(Goal of the exercise) Pictures aside, print all of the data below exactly as written.

(Material to process)
--- START ---
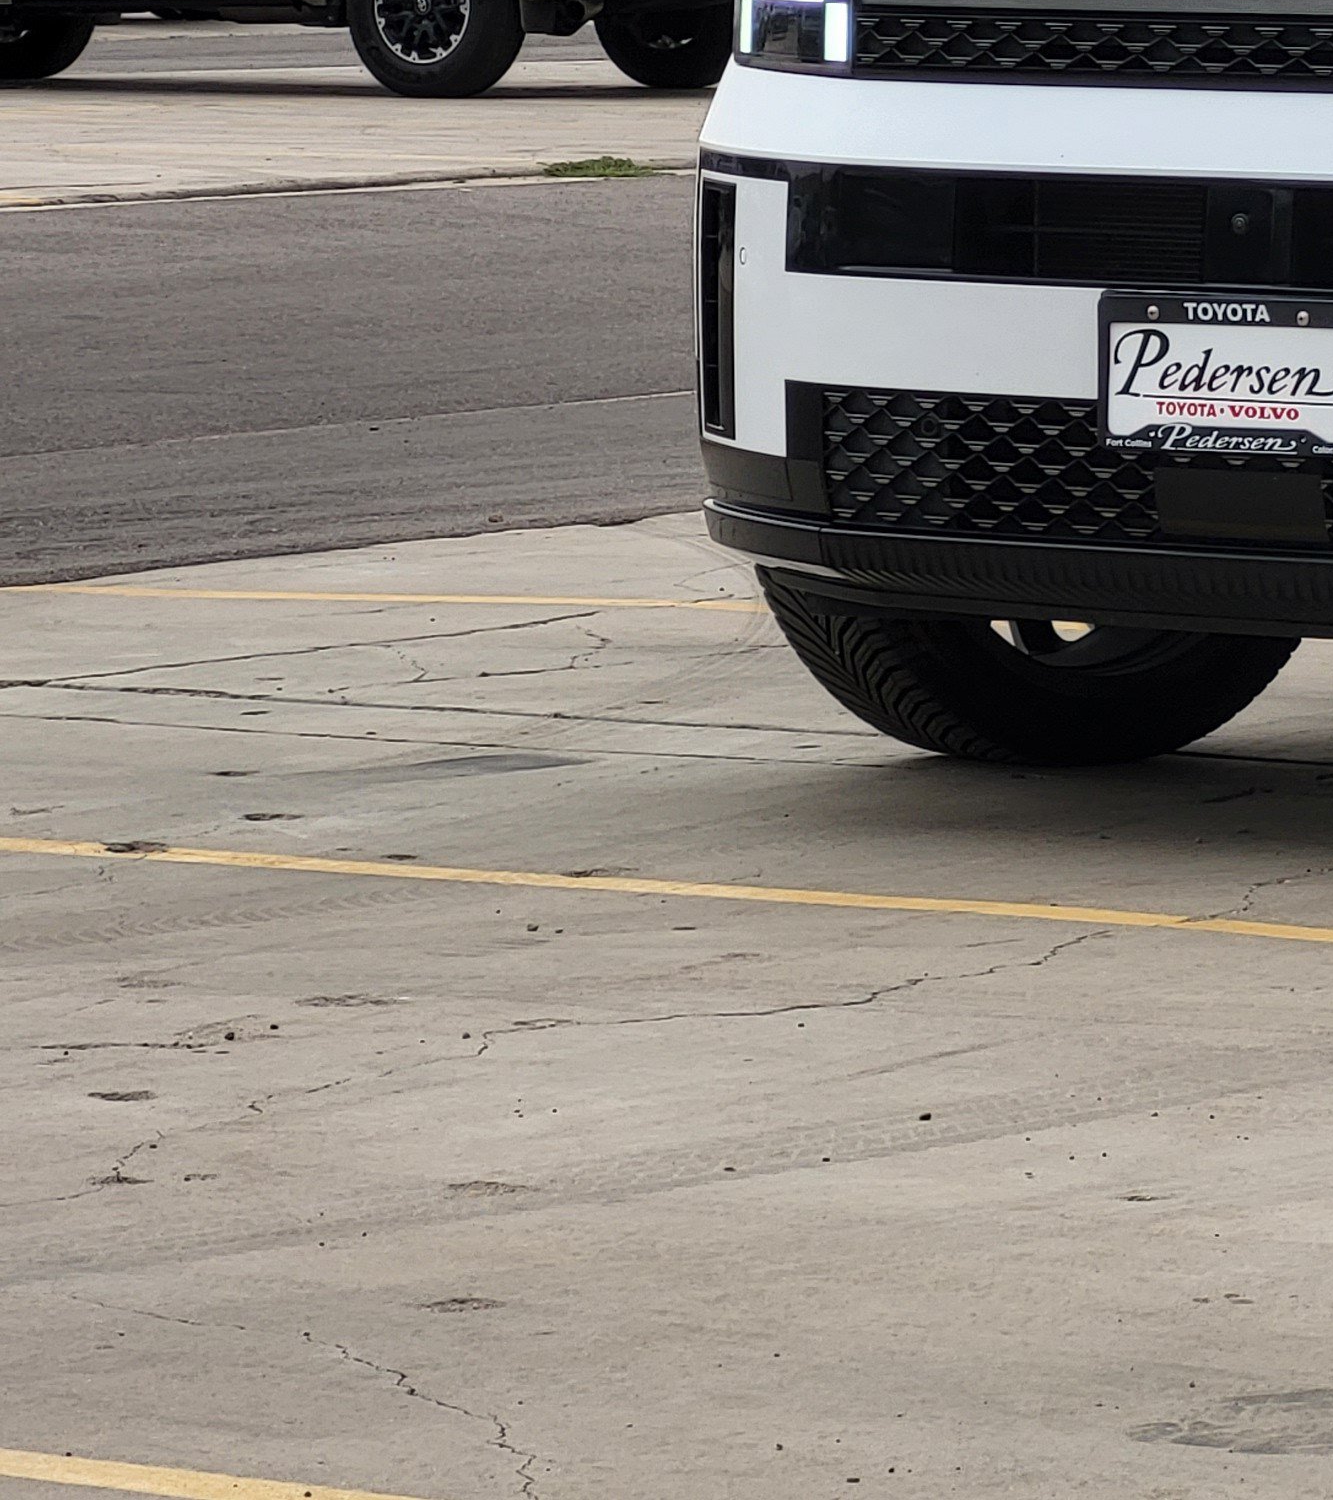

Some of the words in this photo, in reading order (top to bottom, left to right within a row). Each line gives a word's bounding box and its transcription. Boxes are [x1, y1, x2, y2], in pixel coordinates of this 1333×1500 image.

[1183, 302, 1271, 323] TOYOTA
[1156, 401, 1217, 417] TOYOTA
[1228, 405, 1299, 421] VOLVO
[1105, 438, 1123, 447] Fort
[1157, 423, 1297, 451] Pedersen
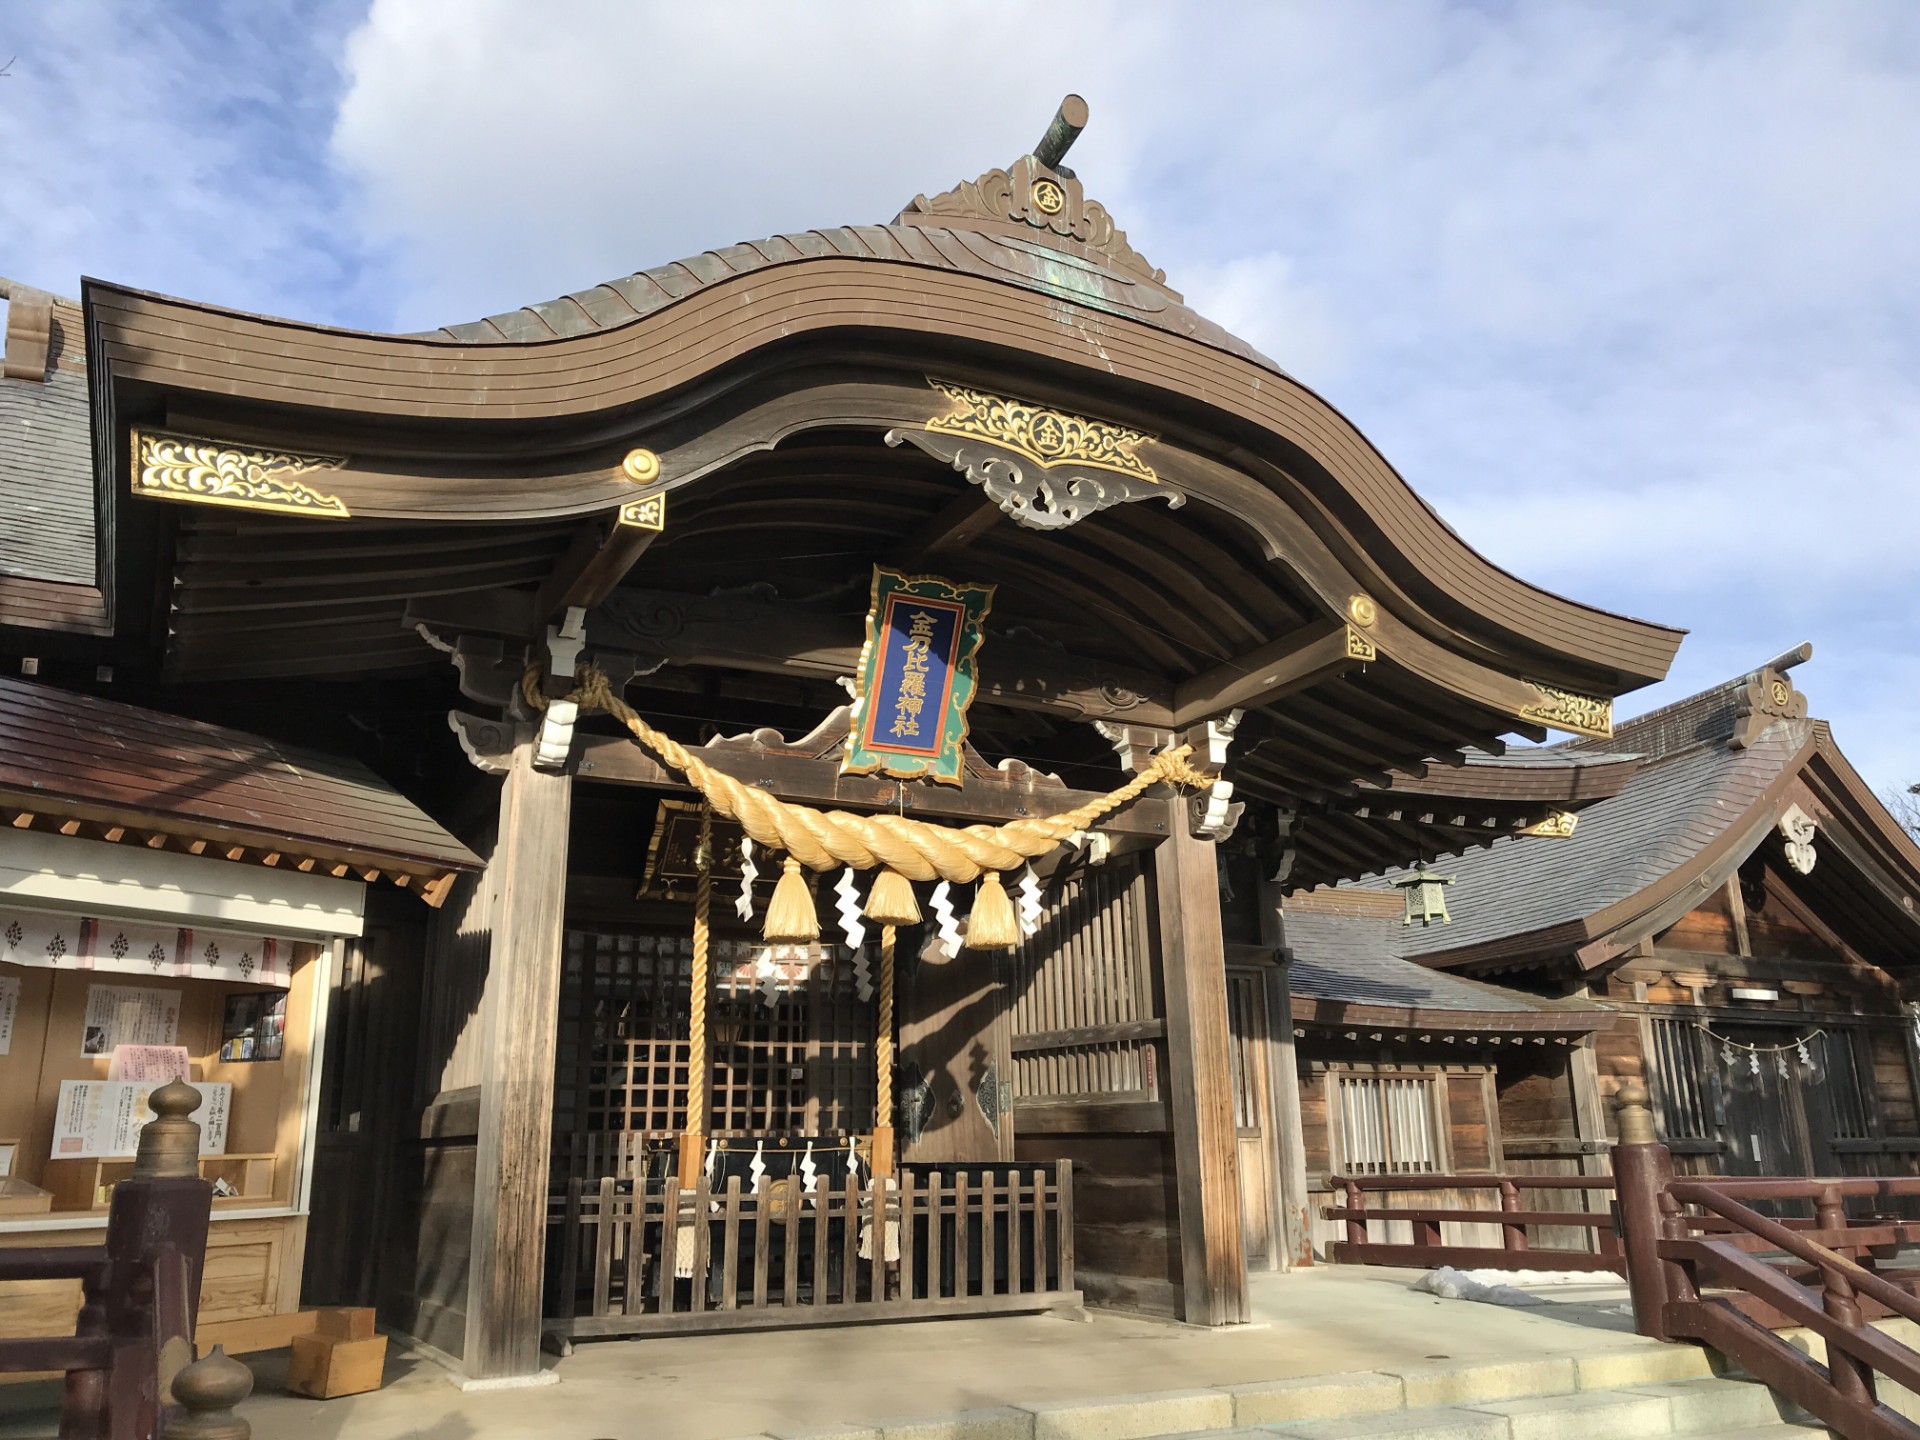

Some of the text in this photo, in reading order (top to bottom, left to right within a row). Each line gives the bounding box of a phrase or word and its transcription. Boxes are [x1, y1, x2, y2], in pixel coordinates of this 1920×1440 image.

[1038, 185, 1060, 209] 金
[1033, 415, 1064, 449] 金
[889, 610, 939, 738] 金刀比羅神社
--- END ---
(Completed task)
Some of the words in this photo, in reading order (top to bottom, left to right within a row). Each line gives a word's bounding box and its transcription. Boxes are [x1, y1, x2, y2], in pixel coordinates of this 1333×1500 image.

[1183, 302, 1271, 323] TOYOTA
[1156, 401, 1217, 417] TOYOTA
[1228, 405, 1299, 421] VOLVO
[1105, 438, 1123, 447] Fort
[1157, 423, 1297, 451] Pedersen

Some of the text in this photo, in reading order (top to bottom, left to right within a row). Each line gives the bounding box of a phrase or word and its transcription. Boxes are [x1, y1, x2, y2], in pixel coordinates of this 1920×1440 image.

[1038, 185, 1060, 209] 金
[1033, 415, 1064, 449] 金
[889, 610, 939, 738] 金刀比羅神社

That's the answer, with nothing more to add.